_Aim of the task_
An exact copy of every entry is required, minus the pictures.
□ □ □ □
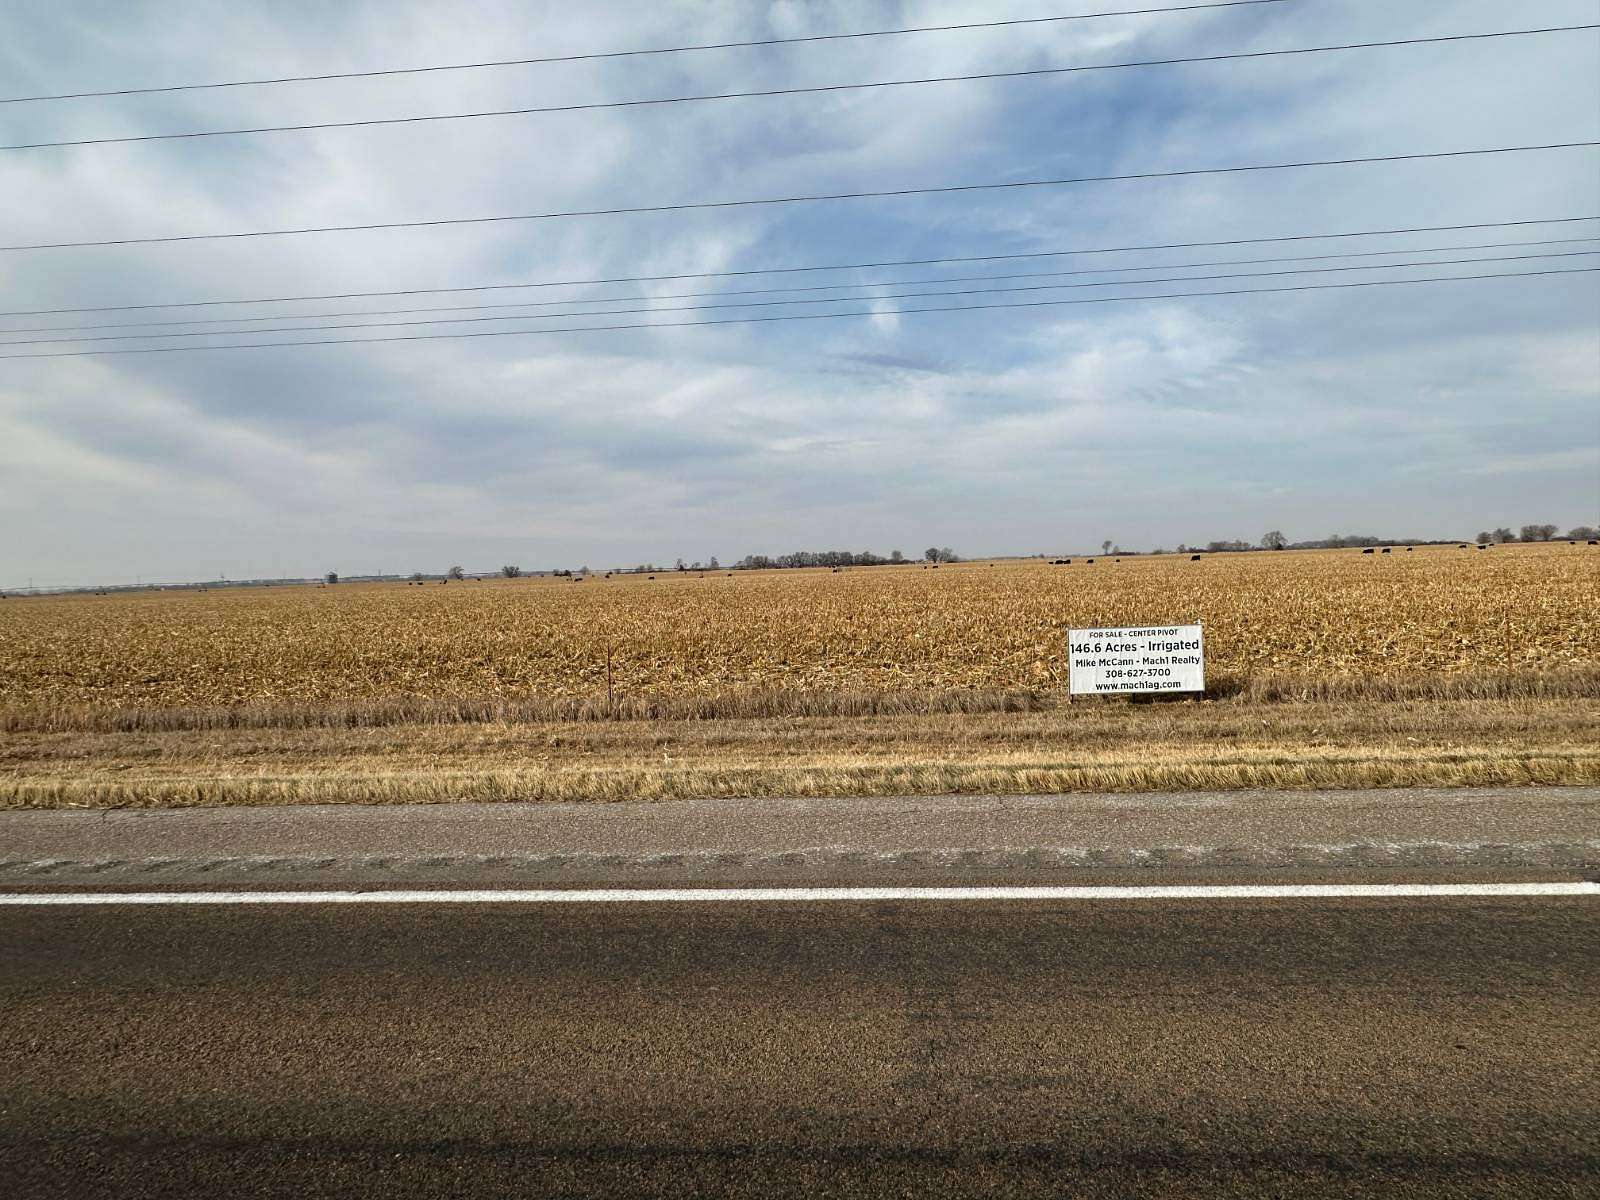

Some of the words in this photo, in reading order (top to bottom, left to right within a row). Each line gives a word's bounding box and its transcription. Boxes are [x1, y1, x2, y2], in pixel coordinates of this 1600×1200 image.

[1070, 643, 1101, 653] 146.6
[1105, 643, 1137, 652] Acres
[1148, 640, 1199, 652] Irrigated
[1076, 659, 1096, 667] Mike
[1099, 658, 1134, 667] McCann
[1143, 657, 1168, 665] Mach1
[1172, 656, 1200, 665] Realty
[1105, 669, 1170, 678] 308-627-3700
[1096, 681, 1181, 690] www.mach1ag.com
□ □ □ □
_Result_
Some of the words in this photo, in reading order (top to bottom, left to right within a row). Each line gives a word's bounding box and its transcription. Boxes are [x1, y1, x2, y2], in pixel coordinates of this 1600×1200 image.

[1070, 643, 1101, 653] 146.6
[1105, 643, 1137, 652] Acres
[1148, 640, 1199, 652] Irrigated
[1076, 659, 1096, 667] Mike
[1099, 658, 1134, 667] McCann
[1143, 657, 1168, 665] Mach1
[1172, 656, 1200, 665] Realty
[1105, 669, 1170, 678] 308-627-3700
[1096, 681, 1181, 690] www.mach1ag.com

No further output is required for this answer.